Although politicians and community activists rallied behind the proposal and the big money it would mean for local economies, protesters said the plant was part of President Bush's aggressive nuclear weapons agenda and would lead to the construction of unneeded missiles and bombs.

DOE officials have said the plant is needed to replenish aging plutonium but said Monday that the plant also would produce the radioactive material for new weapons, if Congress approved it.

"It would be the manufacturing facility for that," said Mike Mitchell, the project manager for the plant, commonly called the Modern Pit Facility.

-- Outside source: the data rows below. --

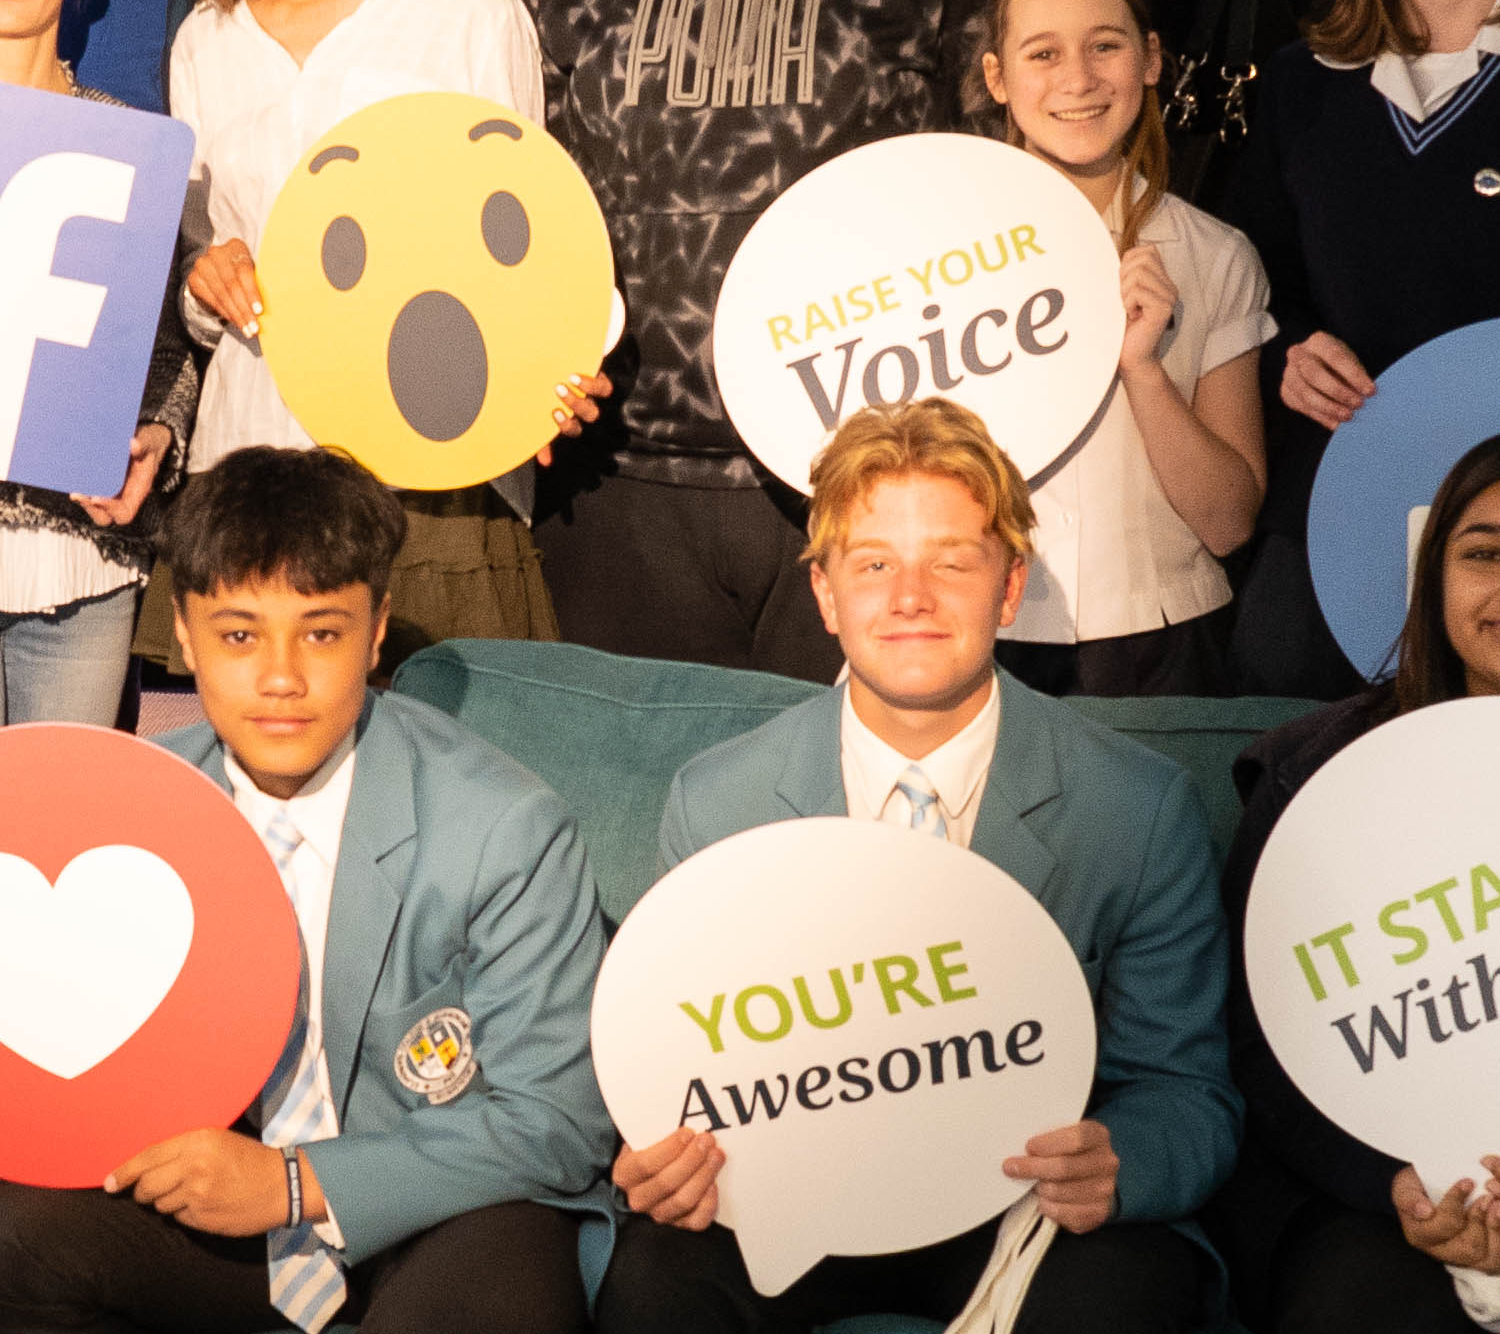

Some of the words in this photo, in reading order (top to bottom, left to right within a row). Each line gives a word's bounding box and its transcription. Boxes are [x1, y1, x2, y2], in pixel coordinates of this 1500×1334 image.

[766, 275, 901, 352] RAISE
[905, 224, 1046, 297] YOUR
[786, 288, 1069, 432] Voice
[678, 940, 978, 1054] YOU'RE
[1292, 921, 1361, 1003] IT
[678, 1019, 1046, 1133] Awesome
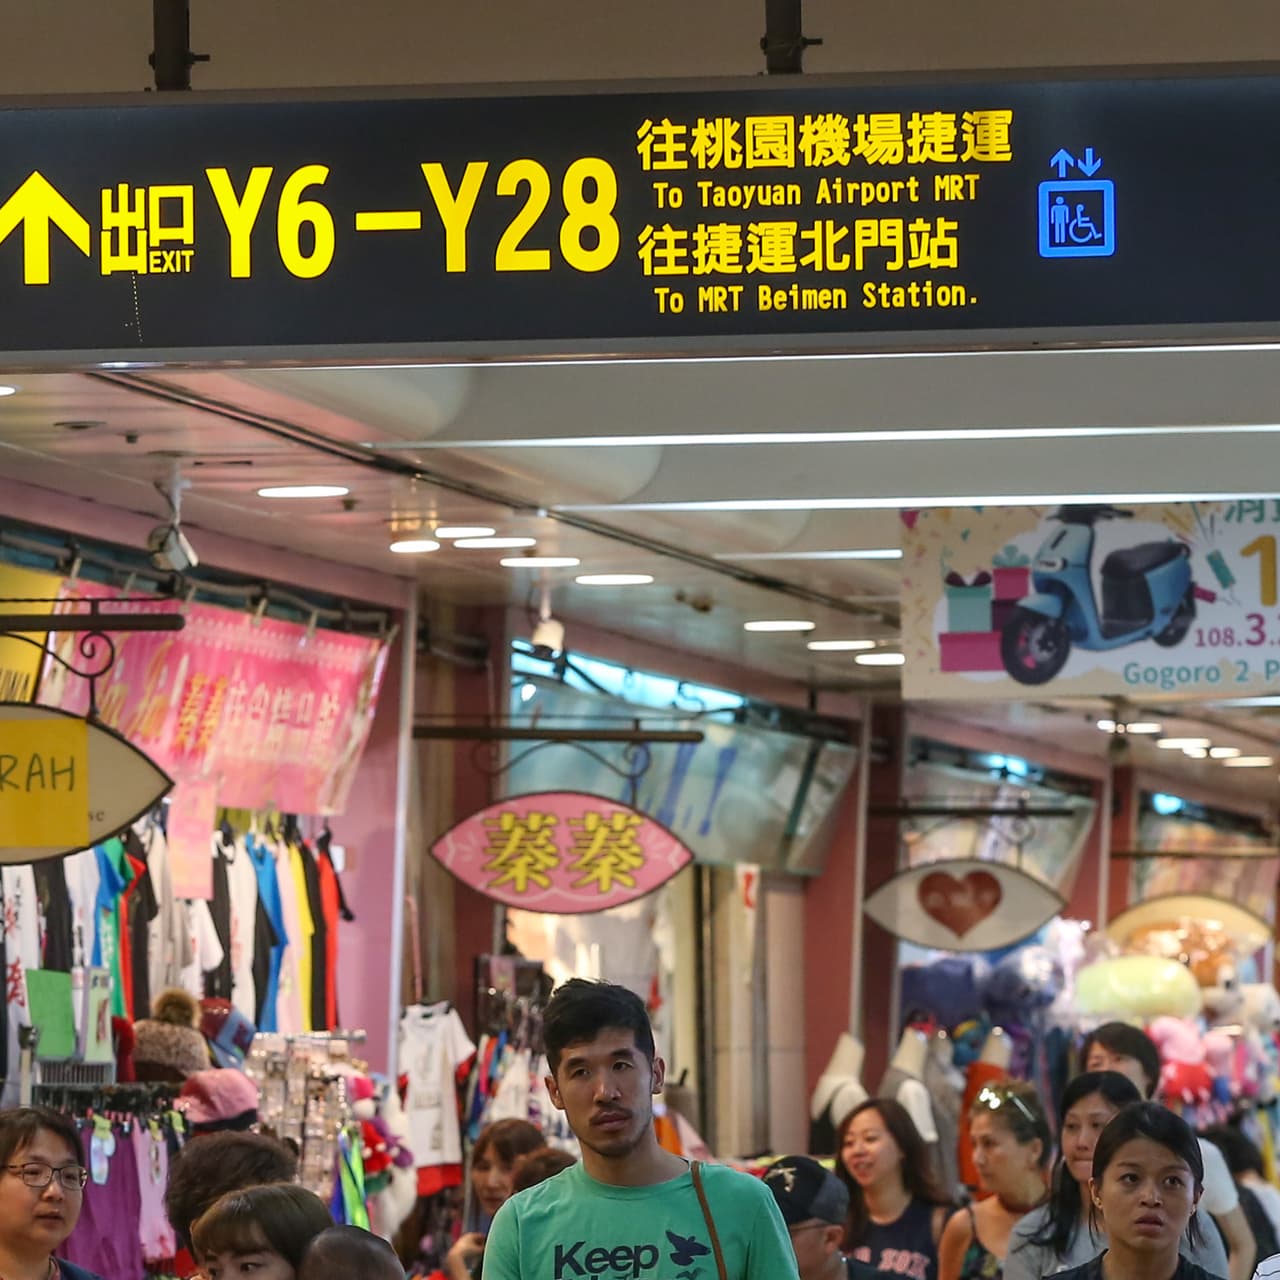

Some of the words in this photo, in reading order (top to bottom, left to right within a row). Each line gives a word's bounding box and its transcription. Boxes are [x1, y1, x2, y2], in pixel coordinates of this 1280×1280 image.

[637, 109, 1012, 170] 往桃園機場捷運
[653, 183, 683, 208] To
[696, 181, 801, 210] Taoyuan
[817, 177, 919, 205] Airport
[934, 174, 980, 202] MRT
[101, 183, 195, 275] 出口
[638, 216, 958, 276] 往捷運北門站
[149, 249, 195, 274] EXIT
[654, 288, 684, 313] To
[698, 286, 744, 313] MRT
[758, 283, 847, 310] Beimen
[863, 280, 977, 308] Station.
[1123, 661, 1221, 690] Gogoro
[1234, 660, 1251, 682] 2
[481, 811, 645, 894] 蓁蓁
[553, 1241, 659, 1280] Keep

SRS is contending as a site for the facility with nuclear installations in Amarillo, Texas, Carlsbad and Los Alamos, N.M., and the Nevada Test Site.

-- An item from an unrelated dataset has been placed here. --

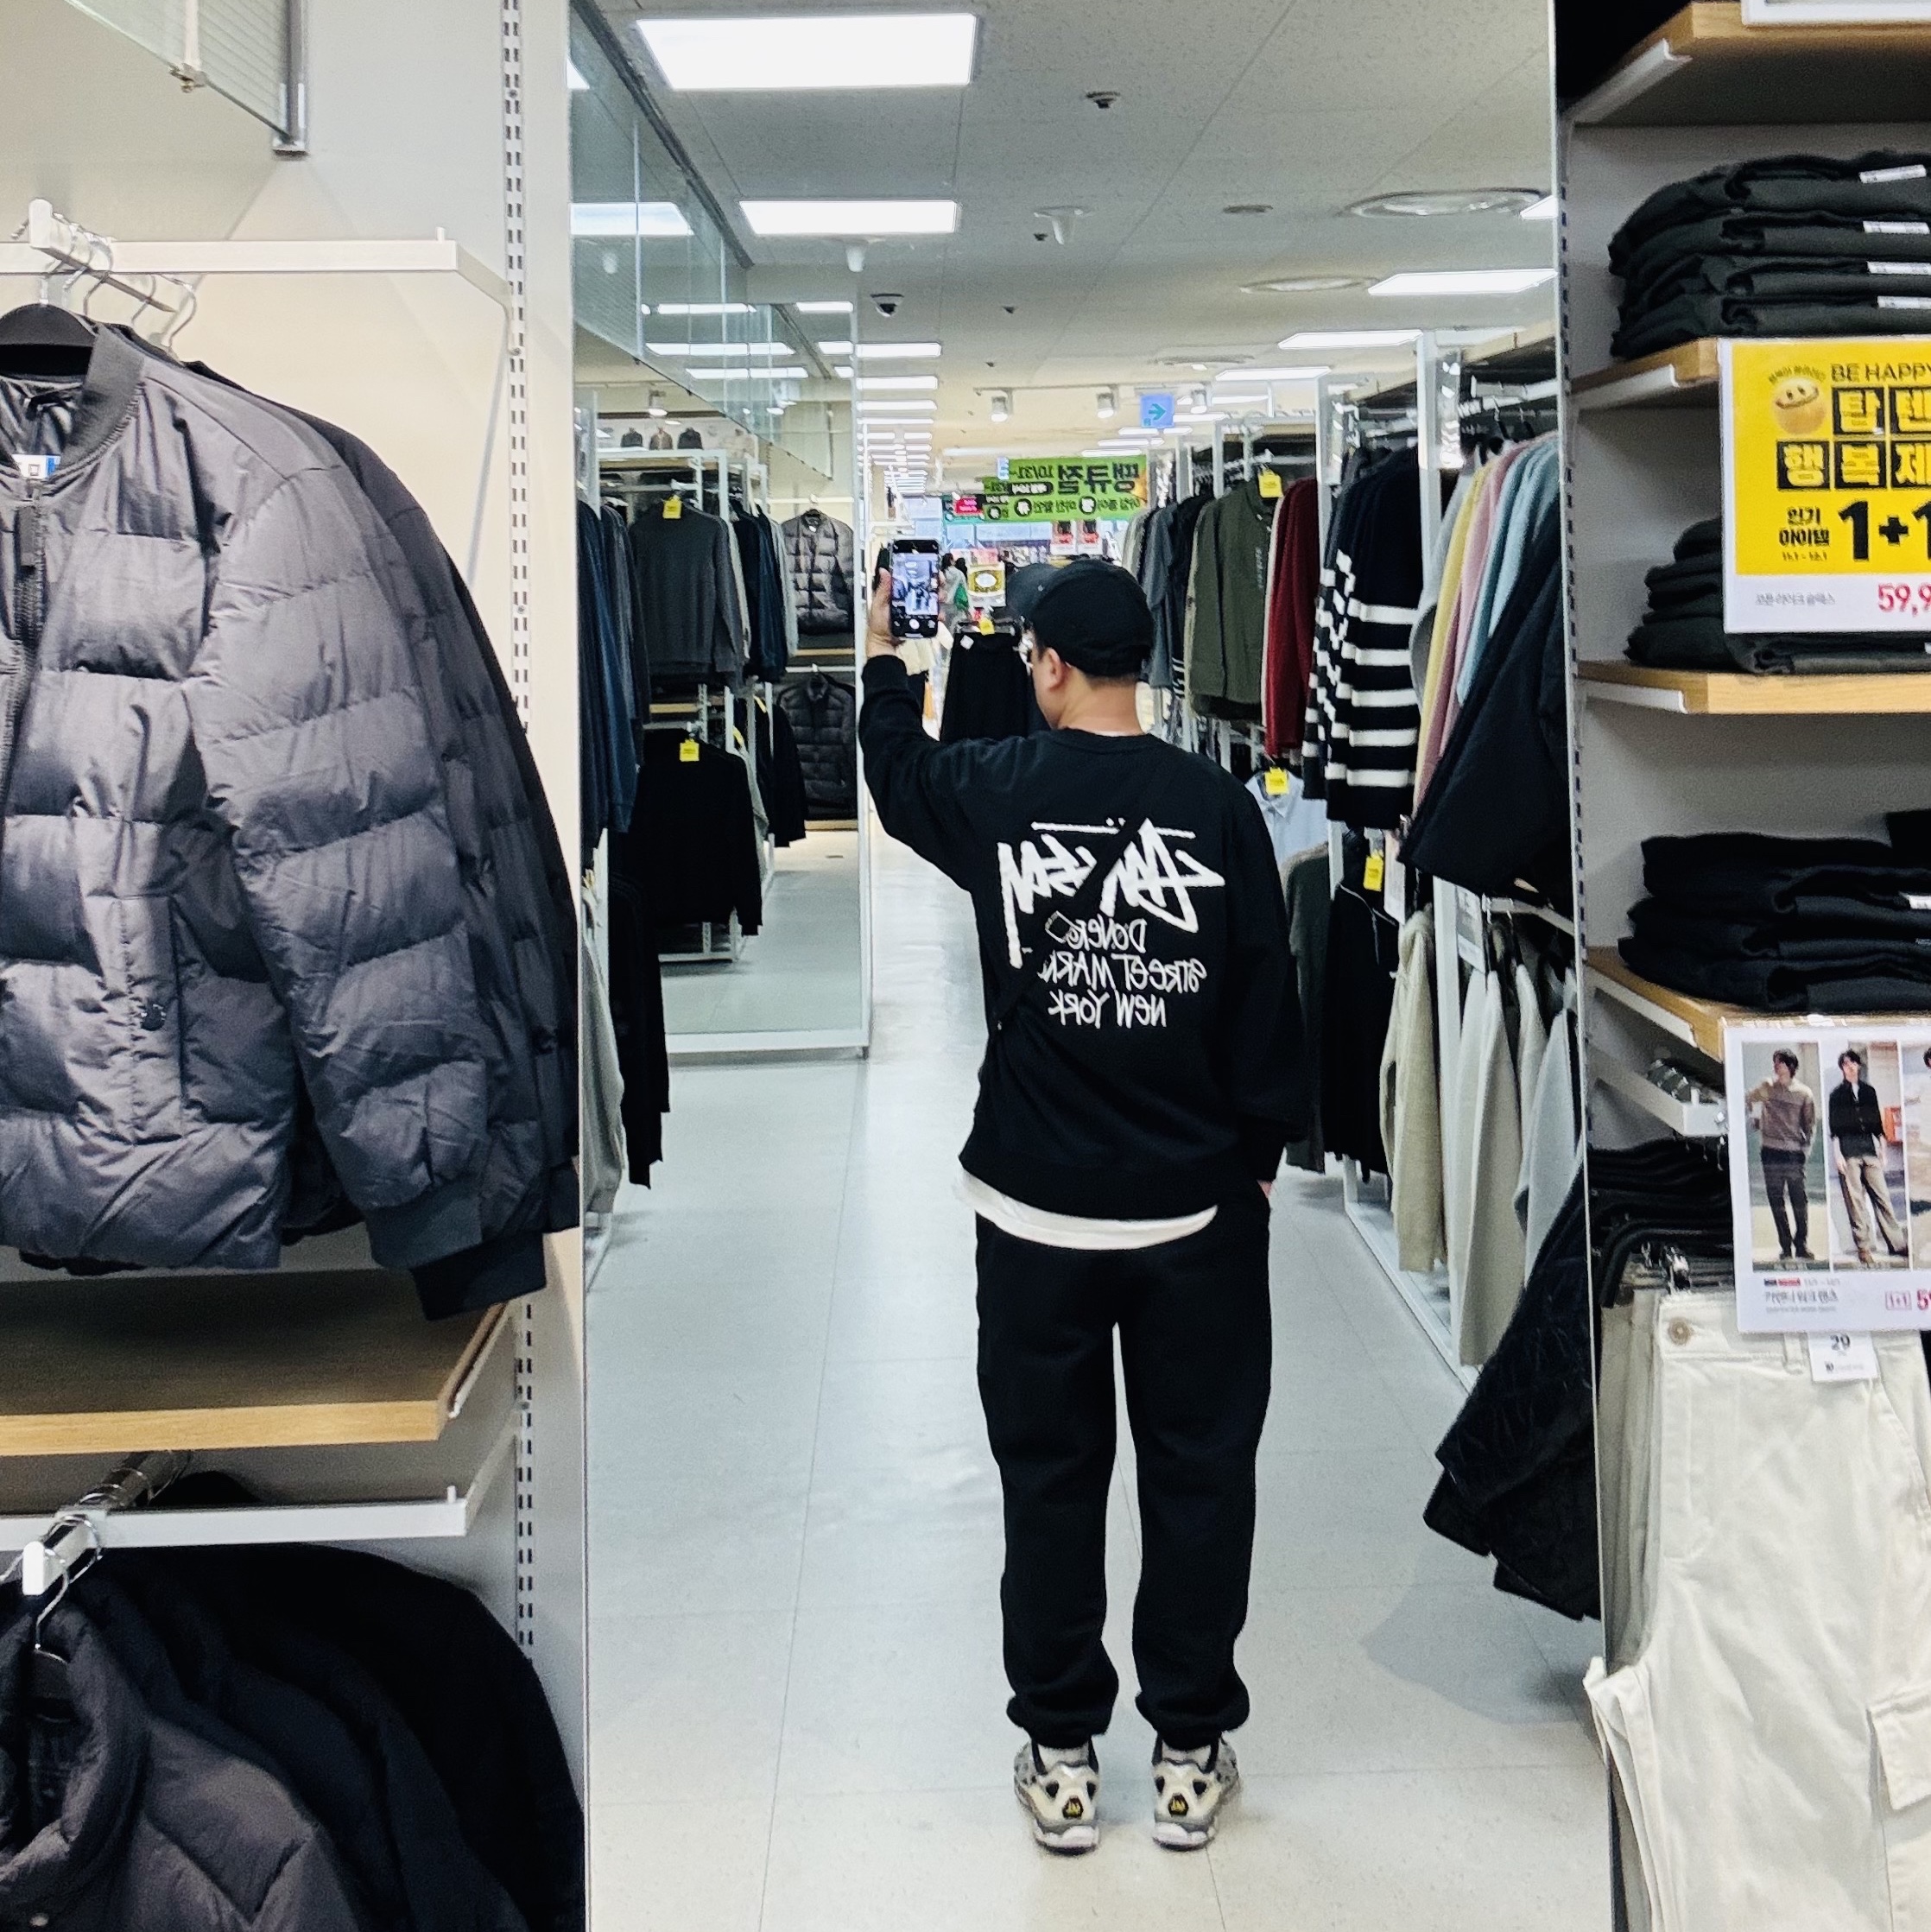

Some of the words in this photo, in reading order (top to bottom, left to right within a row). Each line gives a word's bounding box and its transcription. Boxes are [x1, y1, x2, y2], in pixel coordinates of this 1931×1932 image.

[1831, 363, 1859, 382] BE
[1787, 507, 1820, 526] 인기
[1779, 529, 1830, 547] 아이템

DOE last produced plutonium in 1989 at the Rocky Flats site in Colorado, which was shut down after severely contaminating the surrounding environment. Protesters, many of whom drove in from Atlanta, argued that the government didn't have proof that weapons plutonium was aging too fast.

Officials didn't disagree, but they said preliminary experiments had shown plutonium was becoming unusable between 45 and 60 years.

"We do have limited knowledge about how plutonium ages, currently," Mr. Mitchell said.

Boosters for the site argued that SRS' safety record and immense buffer zone made it the best facility for the job. DOE officials said the facility would be complete around 2018 and would require between $200 and $300 million a year to run.

"If the MPF is built at SRS, the nation will get a safer, more reliable and more secure facility with less cost to the taxpayers," U.S. Sen. Lindsey Graham, R-S.C., said Monday.

Govs. Mark Sanford, of South Carolina, and Sonny Perdue, of Georgia, issued statements of support, as did U.S. senators from both states.

Beth Lavoie, of Atlanta, said the large turnout of protesters was a victory against the pit facility.

"I don't want my tax dollars going to build new nuclear weapons," she said.

no nukes SRS2 M AMD.jpg
Dr. Mildred McClain, of Citizens for Environmental Justice, leads a chant to the crowd gathered to protest the plutonium-trigger facility.
ANNETTE M. DROWLETTE/STAFF
DOE Secretary Spencer Abraham is supposed to select a site for the plutonium factory by April 2004.

YOUR SAY-SO

Comments on the proposed plutonium plant can be mailed until Aug. 5 to the National Nuclear Security Administration:

Jay Rose NA-3.6

1000 Independence Ave. S.W.

Washington, D.C. 20585

Reach Josh Gelinas at (803) 279-6895 or josh.gelinas@augustachronicle.com.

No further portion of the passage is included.